CANBERRA: Canberra’s first dementia-friendly choir is making a positive difference in the lives of people living with the disease, as well as their partners and carers.
The Alchemy Chorus was jointly created by conductor Brian Triglone and the charity Alzheimer’s Australia late last year.
“We wanted to develop something inclusive, they had to come with a carer or a partner,” Mr Triglone said.
“It’s been very, very important for the carers and I hadn’t seen that coming.”
Carer Don Aitken and his wife Bev are among up to 60 choir members who rehearse on Thursday nights.
“We go as a person with the dementia and the carer,” Mrs Aitken said.
“So there’s always someone’s hand to hold onto.
“I always know what day of the week it is if it’s Thursday.
Creating the choir to apply art therapy as a treatment was part of Alzheimer’s Australia’s strategic plan.

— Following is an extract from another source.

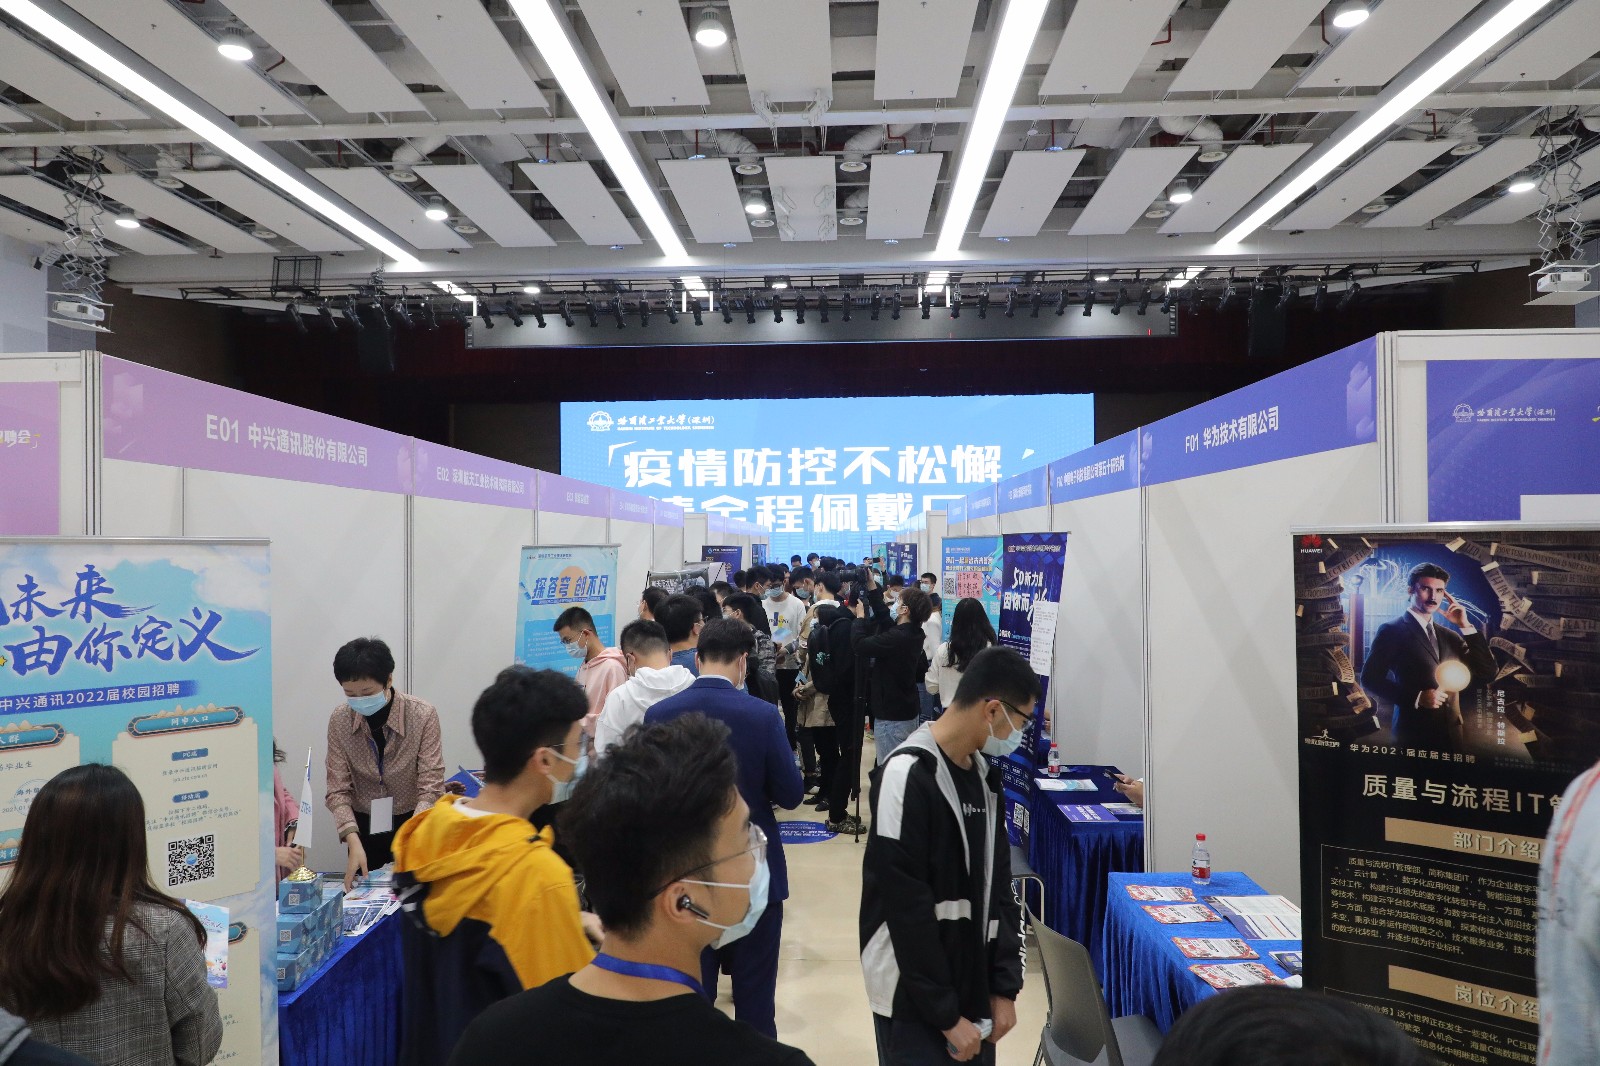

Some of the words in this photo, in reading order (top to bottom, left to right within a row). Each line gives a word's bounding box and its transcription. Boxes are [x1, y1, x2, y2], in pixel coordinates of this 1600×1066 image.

The charity said research had proven that the arts enhanced the lives of people living with dementia and their carers.
“We are using the arts instead of anti-psychotic medication,” Heather Clarke of Alzheimer’s Australia ACT said.
“When people are unsettled or if they’re agitated we are not giving them an anti-psychotic.
“What we are doing is we are putting on their favourite tune and that is producing a decreased agitation and people are starting to settle.”
But Mr Triglone was quick to emphasise that the performing choir was not just a singalong.
“You can go and have a singalong any old time but to feel that you are doing something that has got a purpose is much more meaningful,” he said.